Whoever examines the conscience of the European today will have to pull the same imperative out of a thousand moral folds and hideouts - the imperative of herd timidity: 'we want that some day there should be nothing any more to be afraid of!' Some day - throughout Europe, the will and way to this day is now called 'progress' ...

We have a different faith; to us the democratic movement is not only a form of the decay of political organization but a form of the decay, namely the diminution, of man, making him mediocre and lowering his value. Where, then, must we reach with our hopes?

Toward new philosophers; there is no choice; toward spirits strong and original enough to provide the stimuli for opposite valuations and to revalue and invert 'eternal values'; toward forerunners, toward men of the future who in the present tie the knot and constraint that forces the will of millennia upon new tracks.
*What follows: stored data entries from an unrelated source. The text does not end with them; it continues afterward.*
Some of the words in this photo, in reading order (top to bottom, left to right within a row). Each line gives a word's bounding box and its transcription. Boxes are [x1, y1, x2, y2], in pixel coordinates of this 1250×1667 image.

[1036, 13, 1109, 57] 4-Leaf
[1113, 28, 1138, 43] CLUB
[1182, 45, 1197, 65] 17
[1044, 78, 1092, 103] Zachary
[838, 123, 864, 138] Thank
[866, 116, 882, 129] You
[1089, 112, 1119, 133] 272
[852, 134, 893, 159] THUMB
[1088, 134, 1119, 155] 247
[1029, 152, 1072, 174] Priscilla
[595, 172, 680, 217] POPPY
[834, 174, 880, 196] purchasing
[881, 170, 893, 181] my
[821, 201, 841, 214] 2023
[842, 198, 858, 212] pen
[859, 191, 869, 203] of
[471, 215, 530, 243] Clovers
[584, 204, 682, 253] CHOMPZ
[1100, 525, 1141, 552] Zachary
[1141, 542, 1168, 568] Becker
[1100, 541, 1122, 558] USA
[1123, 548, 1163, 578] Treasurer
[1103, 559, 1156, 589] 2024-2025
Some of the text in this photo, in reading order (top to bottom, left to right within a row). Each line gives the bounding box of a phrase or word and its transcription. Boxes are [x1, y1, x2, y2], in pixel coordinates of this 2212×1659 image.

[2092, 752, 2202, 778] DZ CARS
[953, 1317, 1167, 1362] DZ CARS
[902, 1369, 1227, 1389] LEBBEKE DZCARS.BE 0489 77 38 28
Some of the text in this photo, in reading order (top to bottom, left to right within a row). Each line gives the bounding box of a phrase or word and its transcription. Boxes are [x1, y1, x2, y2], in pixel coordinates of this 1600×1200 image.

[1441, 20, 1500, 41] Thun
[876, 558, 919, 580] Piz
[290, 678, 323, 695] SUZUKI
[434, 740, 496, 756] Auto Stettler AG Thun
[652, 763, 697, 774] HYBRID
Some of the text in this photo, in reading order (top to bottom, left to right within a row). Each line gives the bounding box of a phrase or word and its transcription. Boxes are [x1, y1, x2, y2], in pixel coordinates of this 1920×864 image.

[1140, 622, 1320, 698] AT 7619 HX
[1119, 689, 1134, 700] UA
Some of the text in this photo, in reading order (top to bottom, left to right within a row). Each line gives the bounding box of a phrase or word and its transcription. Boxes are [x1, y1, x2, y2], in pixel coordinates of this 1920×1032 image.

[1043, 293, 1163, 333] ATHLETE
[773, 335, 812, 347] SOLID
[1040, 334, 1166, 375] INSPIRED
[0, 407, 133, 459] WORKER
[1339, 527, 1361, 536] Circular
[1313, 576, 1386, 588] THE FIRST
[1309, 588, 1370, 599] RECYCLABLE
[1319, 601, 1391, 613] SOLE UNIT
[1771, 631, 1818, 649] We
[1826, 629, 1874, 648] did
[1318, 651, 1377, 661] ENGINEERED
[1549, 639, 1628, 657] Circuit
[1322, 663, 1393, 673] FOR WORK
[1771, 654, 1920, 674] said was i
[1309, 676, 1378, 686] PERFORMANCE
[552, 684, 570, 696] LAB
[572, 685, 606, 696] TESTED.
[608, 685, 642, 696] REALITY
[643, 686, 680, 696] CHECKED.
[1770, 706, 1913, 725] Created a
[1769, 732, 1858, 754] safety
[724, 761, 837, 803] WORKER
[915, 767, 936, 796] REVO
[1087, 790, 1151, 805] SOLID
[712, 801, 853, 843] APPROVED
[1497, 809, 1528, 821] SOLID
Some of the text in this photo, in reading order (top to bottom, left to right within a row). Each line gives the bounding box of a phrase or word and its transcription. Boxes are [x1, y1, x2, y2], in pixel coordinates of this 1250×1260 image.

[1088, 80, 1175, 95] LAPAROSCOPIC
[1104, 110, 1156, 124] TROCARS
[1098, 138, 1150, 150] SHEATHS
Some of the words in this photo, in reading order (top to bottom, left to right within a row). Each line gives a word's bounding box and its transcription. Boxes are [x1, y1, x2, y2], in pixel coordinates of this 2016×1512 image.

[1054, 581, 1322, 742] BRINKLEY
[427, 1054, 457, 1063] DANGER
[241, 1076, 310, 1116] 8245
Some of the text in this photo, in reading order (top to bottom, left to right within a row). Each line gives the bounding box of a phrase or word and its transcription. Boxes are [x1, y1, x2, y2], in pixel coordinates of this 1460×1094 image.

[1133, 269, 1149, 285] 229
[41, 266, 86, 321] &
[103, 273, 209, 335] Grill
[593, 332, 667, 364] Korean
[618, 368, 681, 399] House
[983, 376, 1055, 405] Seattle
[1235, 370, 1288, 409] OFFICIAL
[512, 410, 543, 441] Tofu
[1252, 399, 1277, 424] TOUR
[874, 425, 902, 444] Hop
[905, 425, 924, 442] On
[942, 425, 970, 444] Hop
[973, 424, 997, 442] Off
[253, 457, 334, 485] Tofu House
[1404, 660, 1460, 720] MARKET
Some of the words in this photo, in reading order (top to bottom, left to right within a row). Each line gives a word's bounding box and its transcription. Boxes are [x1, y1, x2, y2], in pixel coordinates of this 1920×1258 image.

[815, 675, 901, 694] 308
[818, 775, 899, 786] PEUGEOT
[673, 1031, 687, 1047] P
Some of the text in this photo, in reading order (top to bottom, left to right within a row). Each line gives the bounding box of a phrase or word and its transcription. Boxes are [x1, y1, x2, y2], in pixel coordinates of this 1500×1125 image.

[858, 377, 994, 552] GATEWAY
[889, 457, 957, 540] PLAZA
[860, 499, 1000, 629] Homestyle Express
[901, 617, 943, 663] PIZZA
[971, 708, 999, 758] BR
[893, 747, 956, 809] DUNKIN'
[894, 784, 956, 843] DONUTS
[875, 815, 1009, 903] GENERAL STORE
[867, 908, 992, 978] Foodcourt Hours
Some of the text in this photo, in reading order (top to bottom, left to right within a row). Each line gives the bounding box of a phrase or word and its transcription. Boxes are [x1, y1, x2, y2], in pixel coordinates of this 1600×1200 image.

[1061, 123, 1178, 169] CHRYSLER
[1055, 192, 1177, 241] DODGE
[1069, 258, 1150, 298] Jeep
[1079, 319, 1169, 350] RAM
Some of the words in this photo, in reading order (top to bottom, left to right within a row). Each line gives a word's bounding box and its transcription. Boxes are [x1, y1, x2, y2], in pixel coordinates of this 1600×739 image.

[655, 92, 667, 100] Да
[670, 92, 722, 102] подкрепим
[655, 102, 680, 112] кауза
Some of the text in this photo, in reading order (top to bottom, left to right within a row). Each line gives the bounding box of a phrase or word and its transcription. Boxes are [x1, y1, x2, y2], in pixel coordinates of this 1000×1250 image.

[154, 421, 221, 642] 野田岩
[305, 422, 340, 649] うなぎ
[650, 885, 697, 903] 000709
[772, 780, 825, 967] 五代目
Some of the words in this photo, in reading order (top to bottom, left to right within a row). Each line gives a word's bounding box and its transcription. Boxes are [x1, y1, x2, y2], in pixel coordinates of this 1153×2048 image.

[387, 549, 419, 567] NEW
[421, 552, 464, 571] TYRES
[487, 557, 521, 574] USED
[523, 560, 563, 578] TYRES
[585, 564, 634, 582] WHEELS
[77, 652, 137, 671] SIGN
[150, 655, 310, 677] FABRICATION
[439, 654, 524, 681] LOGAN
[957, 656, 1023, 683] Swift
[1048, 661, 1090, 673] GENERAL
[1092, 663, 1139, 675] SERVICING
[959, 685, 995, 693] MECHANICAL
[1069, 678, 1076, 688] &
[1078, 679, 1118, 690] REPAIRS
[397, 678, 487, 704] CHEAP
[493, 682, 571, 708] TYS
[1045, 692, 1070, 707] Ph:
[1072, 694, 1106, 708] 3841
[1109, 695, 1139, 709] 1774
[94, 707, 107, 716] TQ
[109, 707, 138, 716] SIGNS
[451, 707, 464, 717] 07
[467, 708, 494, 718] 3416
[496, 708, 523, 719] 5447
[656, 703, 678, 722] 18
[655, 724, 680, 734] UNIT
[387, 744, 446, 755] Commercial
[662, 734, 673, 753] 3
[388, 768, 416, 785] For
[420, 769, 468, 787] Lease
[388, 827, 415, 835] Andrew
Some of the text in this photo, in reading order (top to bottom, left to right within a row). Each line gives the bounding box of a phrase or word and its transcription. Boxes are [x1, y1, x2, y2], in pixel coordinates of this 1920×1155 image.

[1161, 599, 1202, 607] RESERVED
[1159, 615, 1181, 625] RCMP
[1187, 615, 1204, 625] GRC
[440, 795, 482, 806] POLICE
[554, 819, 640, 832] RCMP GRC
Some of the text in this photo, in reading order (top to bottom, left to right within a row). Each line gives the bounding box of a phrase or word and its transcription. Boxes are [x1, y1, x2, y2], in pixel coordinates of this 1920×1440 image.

To teach man the future of man as his will, as dependent on a human will, and to prepare great ventures and overall attempts of discipline and cultivation by way of putting an end to that gruesome dominion of nonsense and accident that has so far been called 'history' - the nonsense of the 'greatest number' is merely its ultimate form: at some time new types of philosophers and commanders will be necessary for that, and whatever has existed on earth of concealed, terrible and benevolent spirits, will look pale and dwarfed by comparison. It is the image of such leaders that we envisage: may I say this out loud, you free spirits? The conditions that one would have partly to create and partly to exploit for their genesis; the probable ways and tests that would enable a soul to grow to such a height and force that it would feel the compulsion for such tasks; a revaluation of values under whose new pressure and hammer a conscience would be steeled, a heart turned to bronze, in order to endure the weight of such responsibility; on the other hand, the necessity of such leaders, the frightening danger that they might fail to appear or that they might turn out badly or degenerate - these are our real worries and gloom - do you know that, you free spirits? - these are the heavy distant thoughts and storms that pass over the sky of our life.

Problem 1.) Nietzsche argues that "In the last analysis, 'love of the neighbour' is always something secondary, partly conventional and arbitrary-illusory in relation to fear of the neighbour." Why does he believe this? Do you agree? Why or why not?

Problem 2.) Nietzsche argues that only "strong spirits" can overcome conventional or "herd" morality. What do you think he means by this?

Problem 3.) Do you find Nietzsche's critique of conventional morality convincing? Why or why not?